Here’s the full list of all twelve movies that I saw in October. This is the latest in my monthly round-ups of what I watch. You can also see everything I logged in September, in August, in July, in June, in May, in April, in March, in February, in January, and summaries of everything I watched in 2023, 2022, 2021, 2020, 2019, 2018, 2017, and 2016. Also, you can always keep up with what I’m watching by following me on Letterboxd. In fact you can click the titles below to see the capsule reviews I’ve written there for just about all of these films.

  1. Reality Bites” (1994) ★½
    Rewatched. I like almost everyone involved in this movie, but I hated this when it was released and I still hate it now.
  2. City Lights” (1931) ★★★★½
    A long series of beautiful gags from Charlie Chaplin and then a final scene of such wonderful, exquisite tenderness and human understanding that feels as emotionally impactful as almost anything the cinema has ever produced.
  3. Mr. Klein” (1976) ★★★★
    Alain Delon gets caught up in a Vichy-era case of mistaken identity that gets more and more terrifying with each scene. A disturbingly effective reminder of how fascism has no sympathies, and also a really, really depressing movie to watch this election season.
  4. Roxanne” (1987) ★★★½
    Rewatched. Steve Martin is still radiant in this adaptation of the Cyrano De Bergerac story that feels more idyllic than ever, mostly because it exists entirely before the Internet.
  5. Repo Man” (1984) ★★★
    This cult classic starring Emilio Estevez as a punk turned repossession agent is all verve and attitude, like a downtown art performance in the Reagan 80s. Still effective despite a scattered script.
  6. Red Rocket” (2021) ★★★★
    Director Sean Baker’s follow up to “The Florida Project” is even more vibrant and alive in a way that most movies can’t even dream of being. Its story is genuine and hilarious and then, before you realize it, mortifying.

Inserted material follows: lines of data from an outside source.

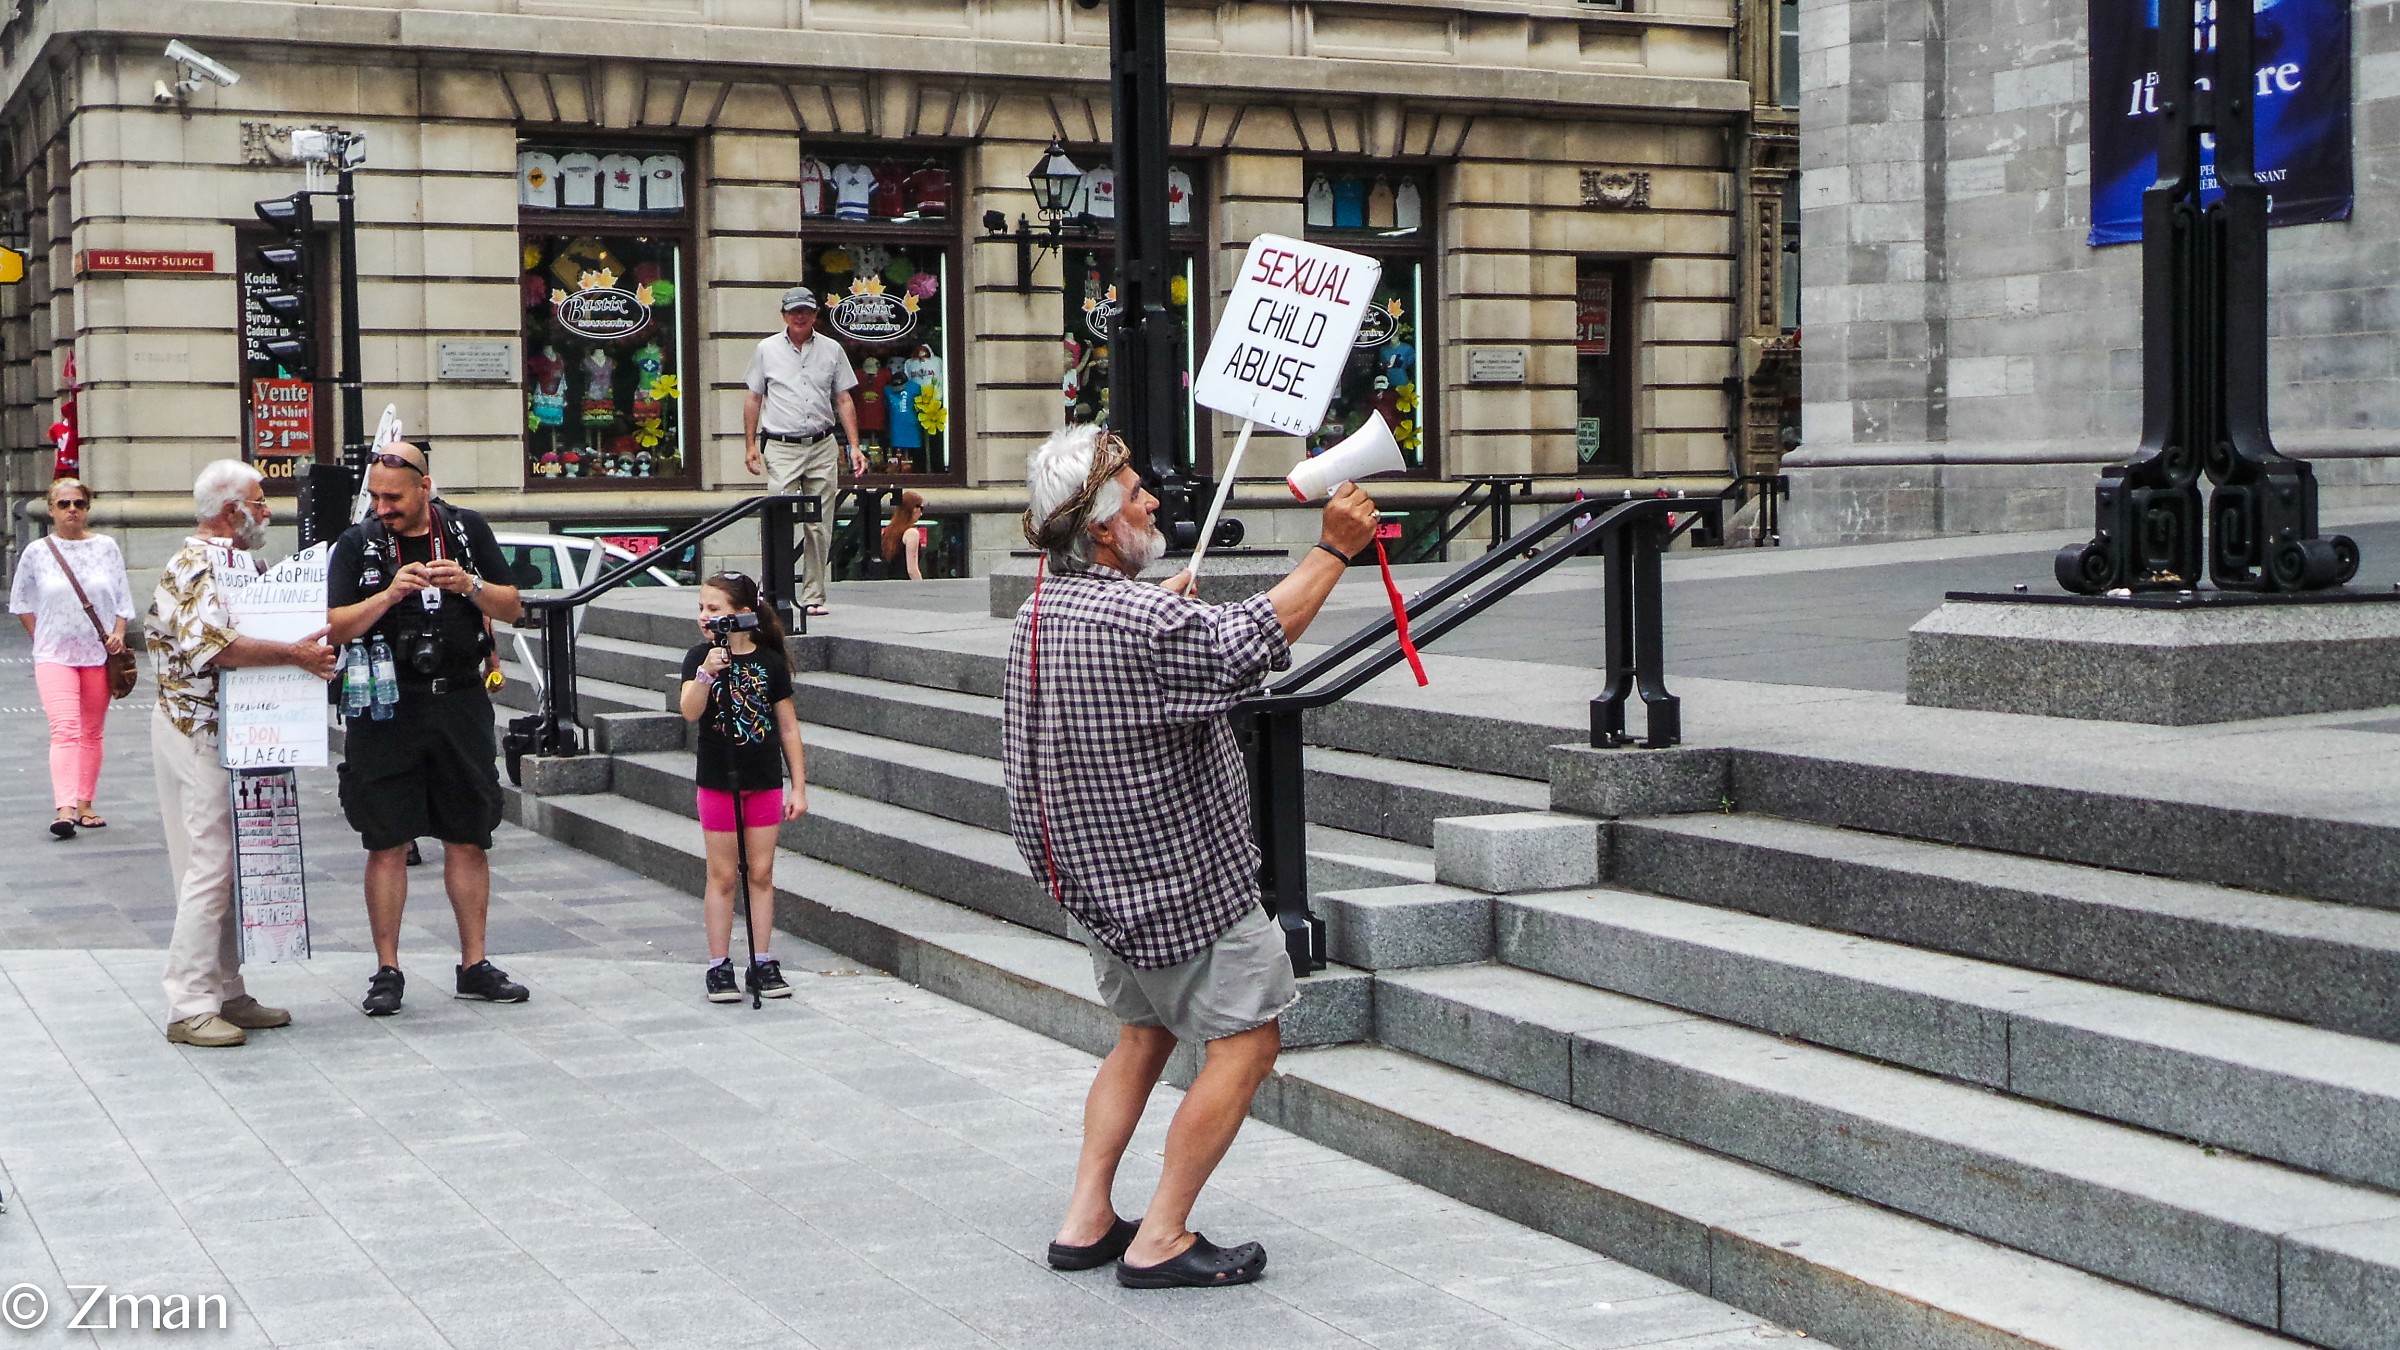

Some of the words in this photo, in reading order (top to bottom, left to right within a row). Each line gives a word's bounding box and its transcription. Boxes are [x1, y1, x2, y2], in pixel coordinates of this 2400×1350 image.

[99, 256, 121, 266] RUE
[244, 273, 279, 285] Kodak
[1251, 248, 1350, 306] SEXUAL
[567, 295, 629, 323] Bastix
[839, 299, 897, 327] Bastix
[245, 311, 272, 326] Syrop
[577, 317, 634, 328] souvenirs
[849, 321, 901, 331] souvenirs
[245, 324, 278, 337] Cadeaux
[256, 382, 308, 402] Vente
[257, 403, 269, 419] 3
[253, 458, 298, 478] Kod

  7. Modern Times” (1936) ★★★★
    Rewatched. Charlie Chaplin makes a delightful romp out of a distressingly bleak worldview.
  8. Anora” (2024) ★★★½
    Also a ton of fun despite thoroughly disheartening subject matter.
  9. Red Rooms” (2023) ★★★½
    A Quebecois serial killer thriller à la “Zodiac,” but updated with dark web vibes and technophilic verisimilitude. Gripping and disturbing.
  10. Saltburn” (2023) ★
    An overly long, poorly calculated class drama from Emerald Fennel. Its biggest goof is assuming that audiences can find professional weirdo Barry Keoghan to be sympathetic.

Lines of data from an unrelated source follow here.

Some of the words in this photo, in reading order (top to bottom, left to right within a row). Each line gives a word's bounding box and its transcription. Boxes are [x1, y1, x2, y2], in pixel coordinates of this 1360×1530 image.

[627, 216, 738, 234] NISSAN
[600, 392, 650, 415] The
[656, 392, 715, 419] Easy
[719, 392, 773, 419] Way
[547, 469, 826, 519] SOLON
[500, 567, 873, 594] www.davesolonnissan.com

  11. Christmas in July” (1940) ★★★
    A pretty cute Preston Sturges fairy tale handicapped by two unremarkable leads. Genial but sleight compared to the director’s other works.
  12. Woman of the Hour” (2023) ★★½
    Anna Kendrick’s directorial debut truly understands how women experience physical threat, but that core is surrounded by a shambles of plot threads and context setting.